As I said in an earlier chapter, I was fairly comfortable in handling all the subjects at school, except arithmetic which remained my bugbear.  We were required to convert sterling into local currency – a pound then was four dollars and eighty cents – to add, subtract and divide sterling and do the same with avoirdupois weight, long and square measures and the like.  That entailed knowing all the tables which we had to memorise.  It is not like today when children can carry calculators to school to help them with their work.  It must be understood that in those days, learning was memory work; slight regard was given to comprehension.  Those who could memorise best got the best results.  Dependence on memory, however, deprives you of the power of expression.  It leaves no room for imagination and originality. I remember a lecturer in Hygiene who would prefer that you give him, as answers to his questions, word for word as is in his notes.

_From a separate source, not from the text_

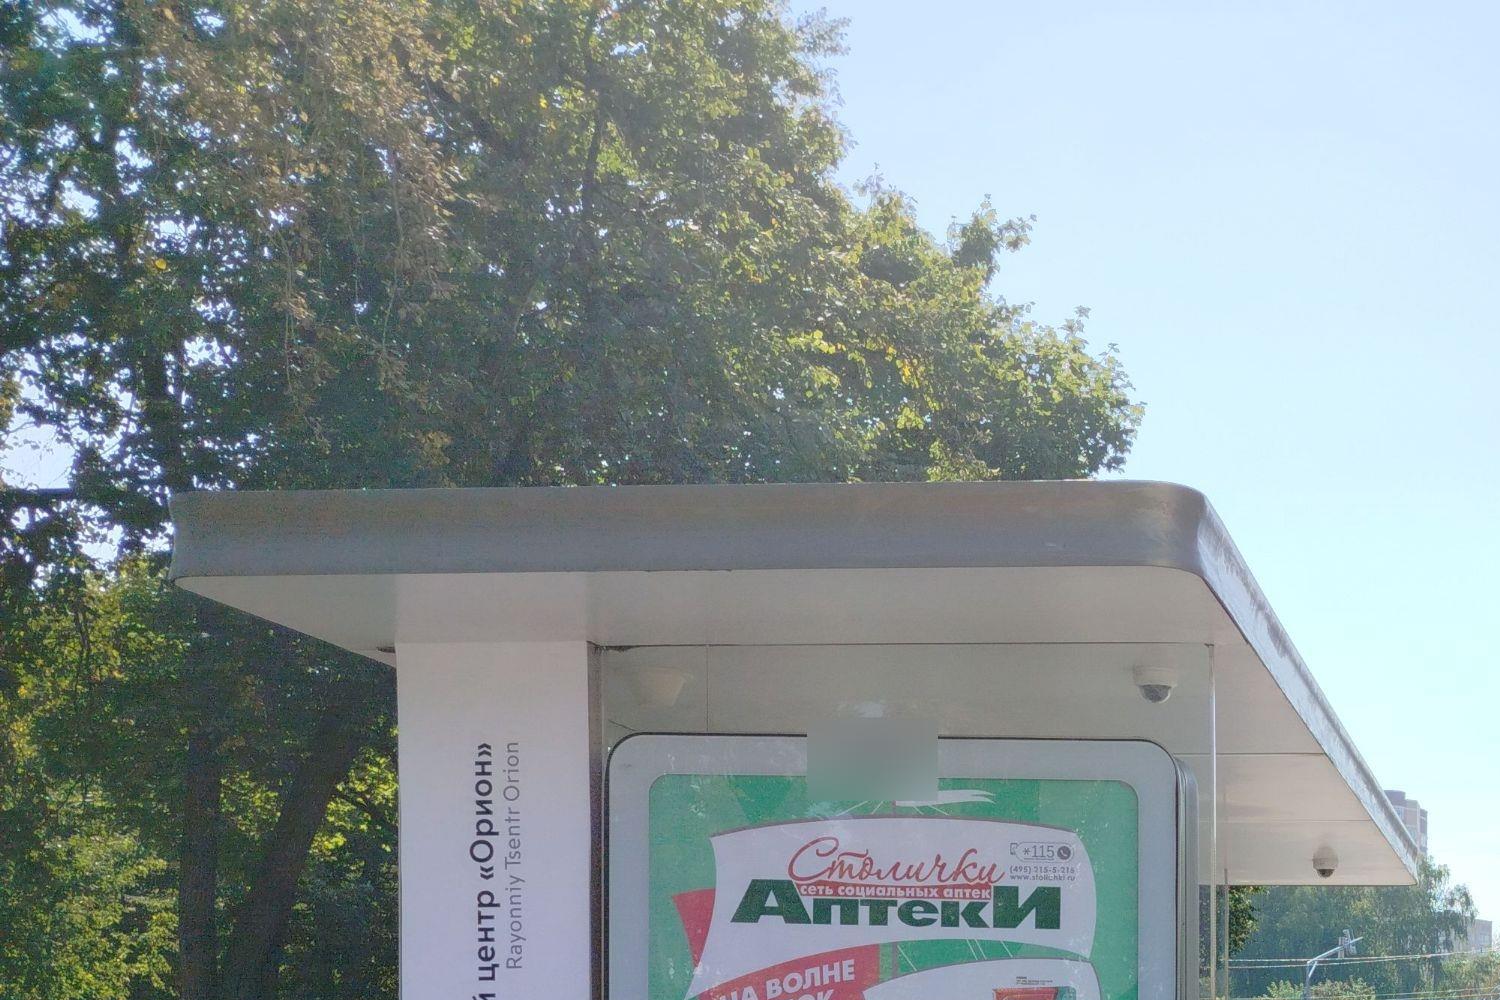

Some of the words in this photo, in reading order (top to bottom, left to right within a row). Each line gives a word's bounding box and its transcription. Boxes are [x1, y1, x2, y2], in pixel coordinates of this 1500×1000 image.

We had to memorise everything.  Only drawing or art, we could not memorise.  However even that was not left to our imagination as we had to make the likeness of flat copies with straight lines and curves. I remember how difficult it was to make the ellipses of a tea cup and saucer. The sad thing about it was that the educators believed in memorizing.  At examinations, no questions were asked that would tax the individual’s capacity for thinking or to plumb the depth of his imagination or innovativeness.  Inevitably expression was poor.  At a Teacher’s Certificate Examination, a teacher was fortunate to get an essay which he crammed, in his English paper.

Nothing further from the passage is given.